Alex Barteau, ’13

Project: Development of protein sequence analysis software
Duration: Summer 2011 – Spring 2012
Funding: University of Nebraska Medical Center
Collaboration: Dr. Chittibabu Guda

ABSTRACT

Proteins are the essence of every living organism. Every protein has a well-defined function, and must localize in the cell in order to carry out its function. This information about the protein is encoded in the protein sequence itself.  Alex will be working on a project started by Professor King that analyzes protein sequences to look for recurring patterns that are related to protein localization and their function. These observed patterns can then be used to suggest information about new protein sequences. The aim of this project is to make the software publicly available for the biological and biomedical research community.

ACHIEVEMENTS

  • Poster – Sigma Xi Summer Research Symposium, July 27, 2011, Bucknell University, Lewisburg, PA
  • King BR, Vural S, Pandey S, Barteau A, Guda C. ngLOC: software and web server for predicting protein subcellular localization in prokaryotes and eukaryotes. BMC Research Notes; 2012; 5(351) [link] [PDF]

Marc Burian ’12

Project: Twitter sentiment and stock market performance
Duration: Spring 2012 – Summer 2012
Funding: None

ABSTRACT

This is a project that has continued from Marc’s excellent work in data mining. We are investigating an algorithm we developed that clusters similar Tweets in real-time and generates sentiment related to a specific company of interest from incoming Tweets. Using this information and plotting it against the performance of the company’s stock price, we are gauging the potential use of Twitter as a descriptor and predictor of the stock market.

ACHIEVEMENTS

Marc started this project toward the end of my data mining class.

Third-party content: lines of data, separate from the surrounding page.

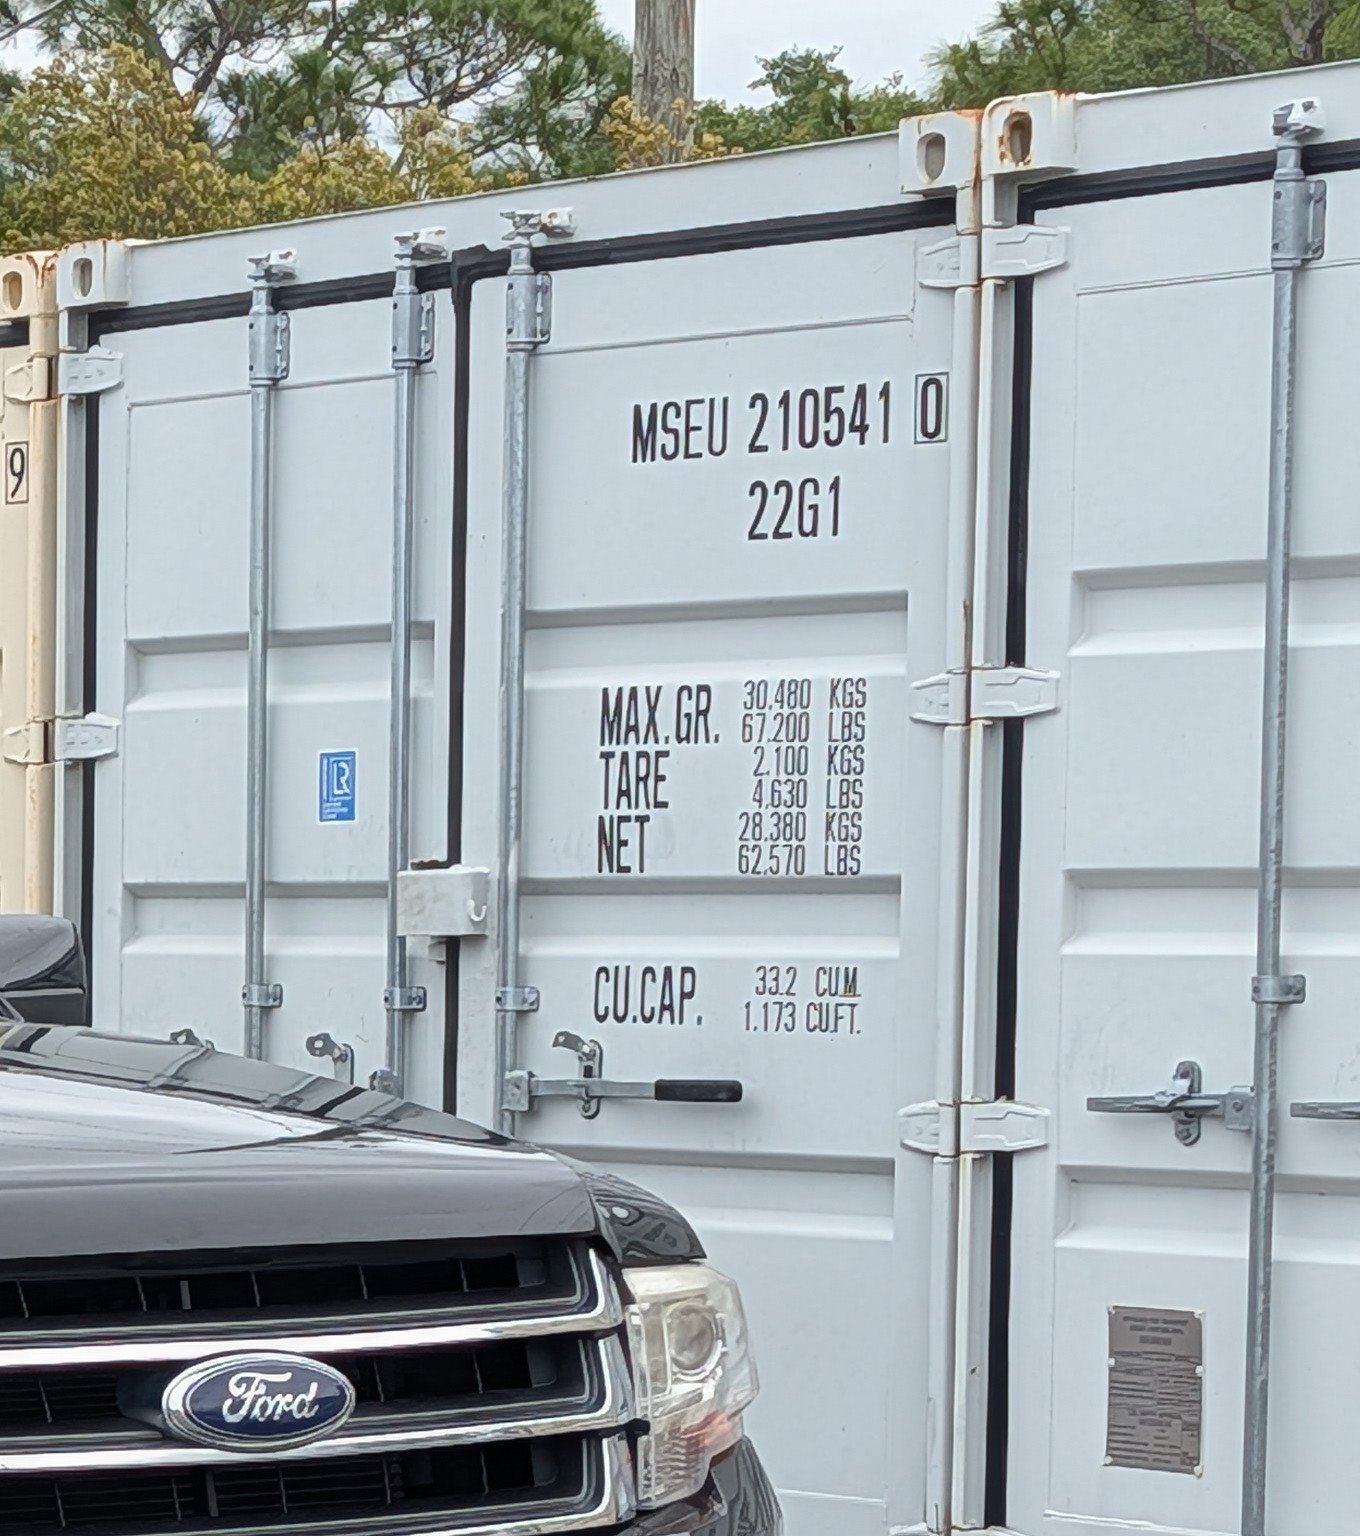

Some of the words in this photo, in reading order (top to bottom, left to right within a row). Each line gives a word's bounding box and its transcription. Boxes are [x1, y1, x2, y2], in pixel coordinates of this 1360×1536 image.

[632, 397, 728, 463] MSEU
[748, 381, 890, 453] 210541
[920, 377, 944, 440] 0
[10, 447, 25, 498] 9
[748, 475, 841, 540] 22G1
[829, 678, 867, 709] KGS
[828, 711, 866, 743] LBS
[599, 750, 670, 809] TARE
[827, 744, 865, 776] KGS
[826, 778, 864, 809] LBS
[597, 814, 651, 874] NET
[825, 811, 863, 842] KGS
[824, 844, 862, 875] LBS
[593, 965, 703, 1025] CU.CAP.
[755, 965, 797, 996] 33.2
[222, 1371, 320, 1423] Ford
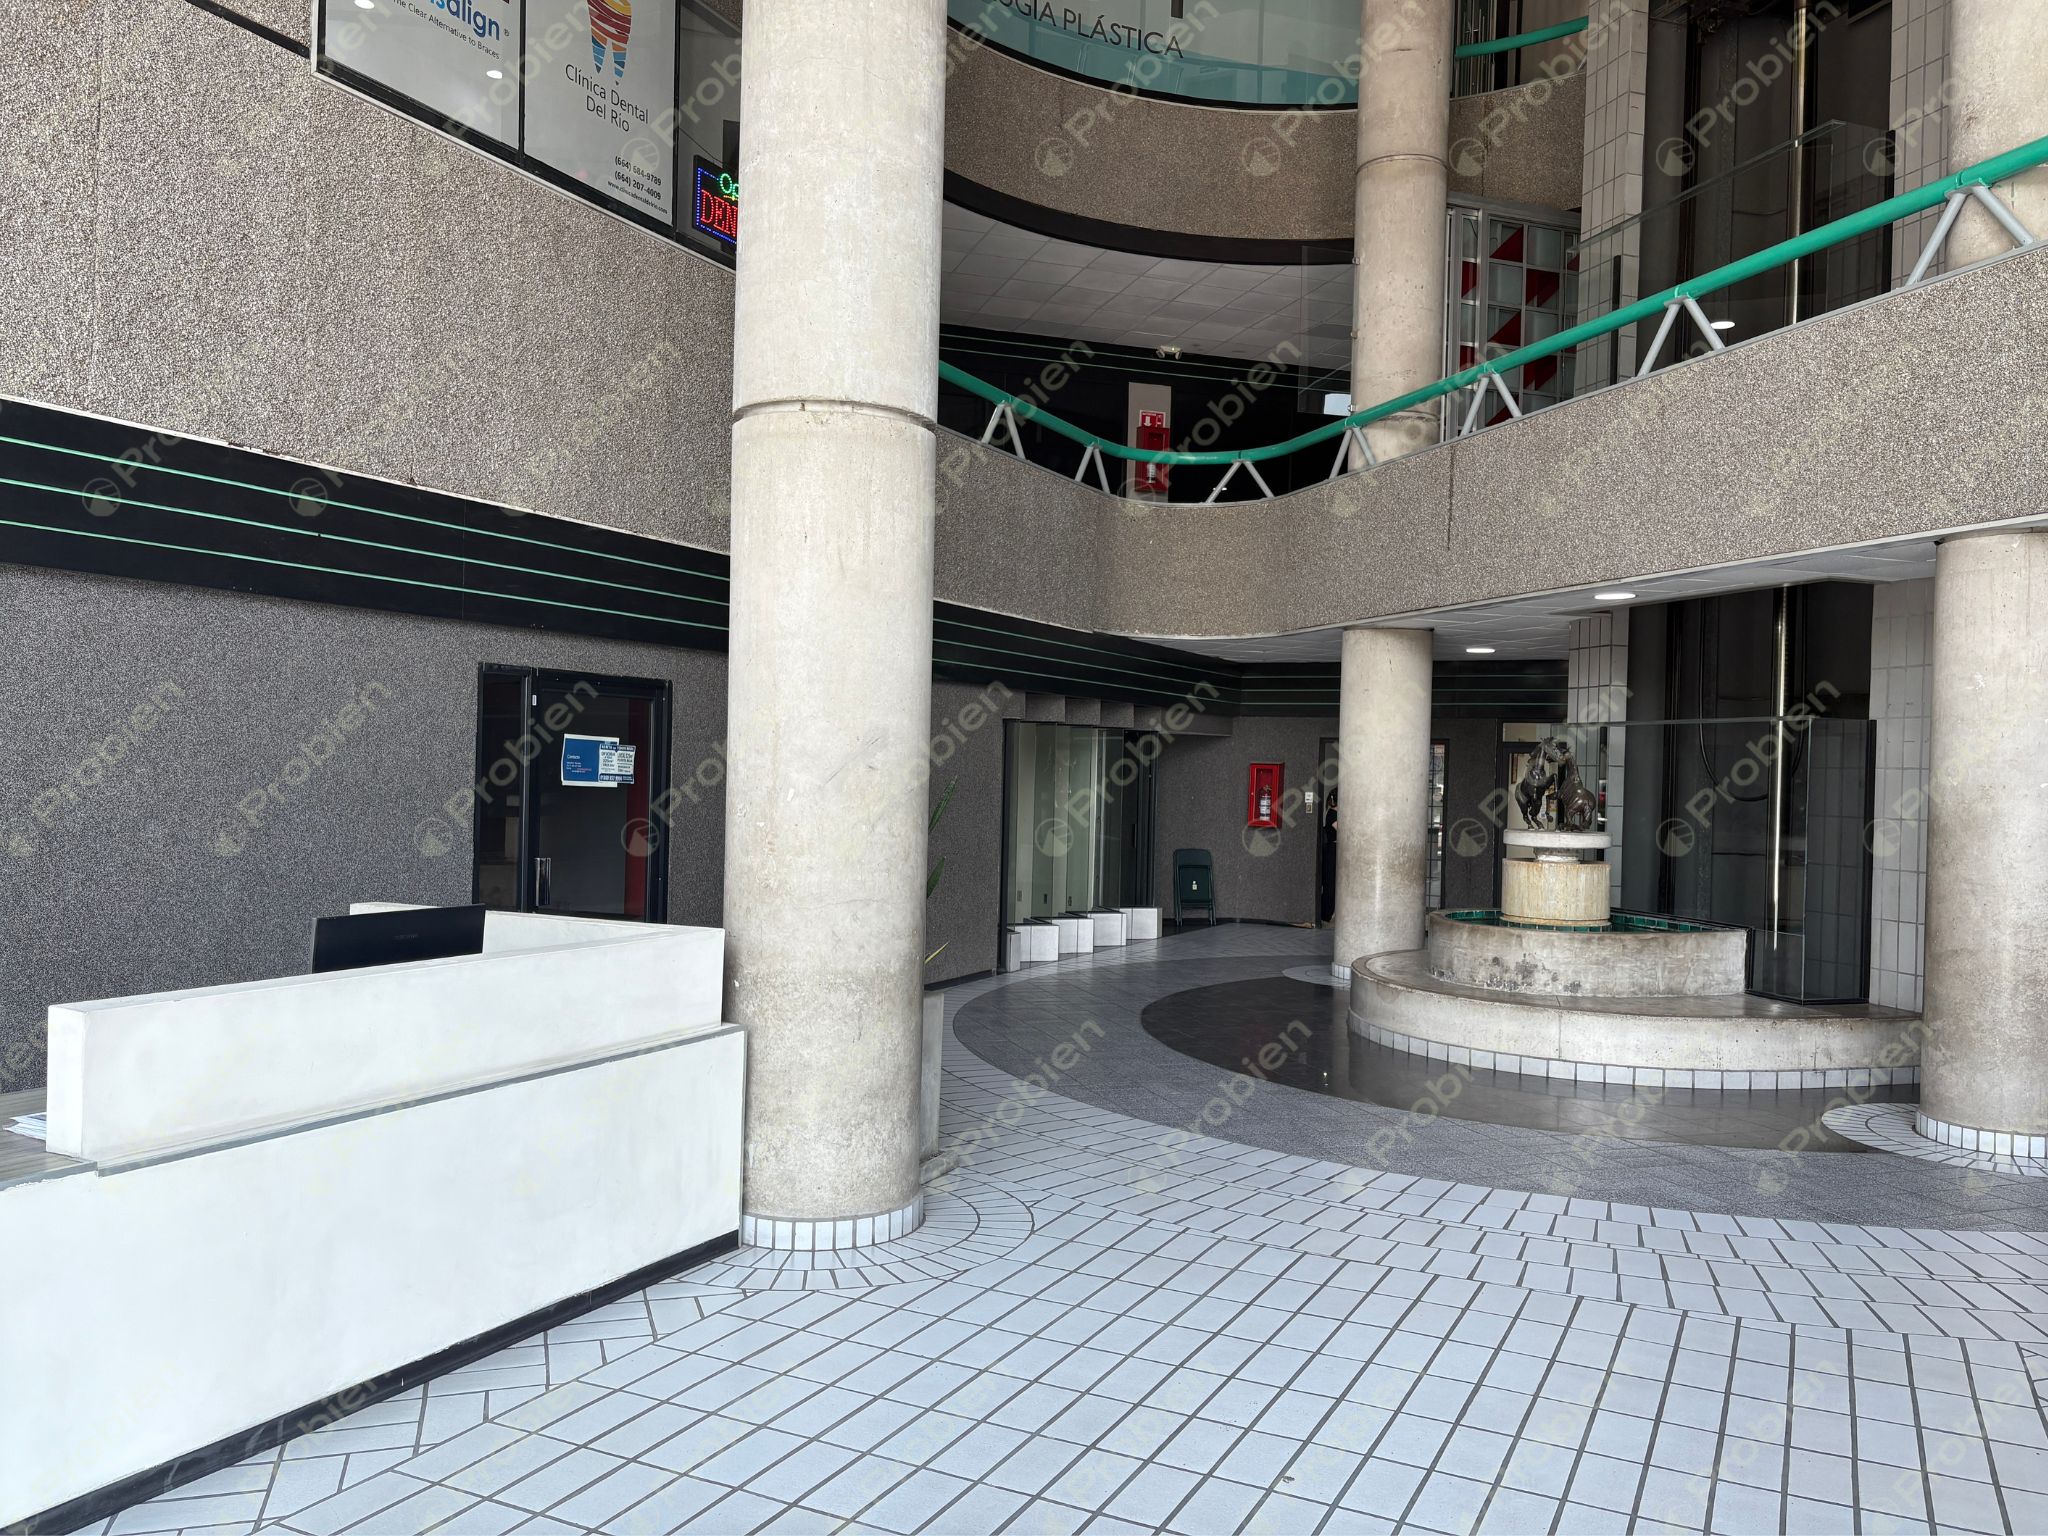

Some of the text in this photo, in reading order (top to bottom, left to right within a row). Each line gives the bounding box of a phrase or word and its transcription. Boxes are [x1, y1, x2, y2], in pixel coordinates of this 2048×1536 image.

There was insufficient time to bring the project into a publishable / presentable form. However, Marc obtained satisfaction of learning the Twitter API, and learning first-hand that “tweets” are extremely noisy sources of information for stock prediction! We were able to uncover several instances that had minute predictive power, but not statistically significant. More work would need to be completed to filter and process tweets to discard meaningless and irrelevant data.

Phil Stahlfeld ’13

Project: Installation and deployment of caBIG – an information management network for cancer research
Duration: Summer 2011 – Spring 2012
Funding: Geisinger Research
Collaboration: Dr. Gerardus Tromp

ABSTRACT

Phil is working with Dr. Gerardus Tromp, a collaborator at Geisinger Medical Research Center in Danville, on deploying a complex software system called the Cancer Biomedical Informatics Grid, or caBIG.  As a product of the National Cancer Instutute, caBIG was conceived for the purpose of sharing data and knowledge among researchers, clinicians, and patients in order to simplify collaboration and speed research to get diagnostics and therapeutocs from bench to bedside faster and more cost-effectively. The system is multi-tiered, with the front end mostly implemented using JBoss and Tomcat applications in Java, and the backend data management provided by PostgreSQL and MySQL. The entire suite is open software and will require some modification to meet the local needs of Geisinger. Phil will be an integral part of the installation, configuration, modification and and test of the system.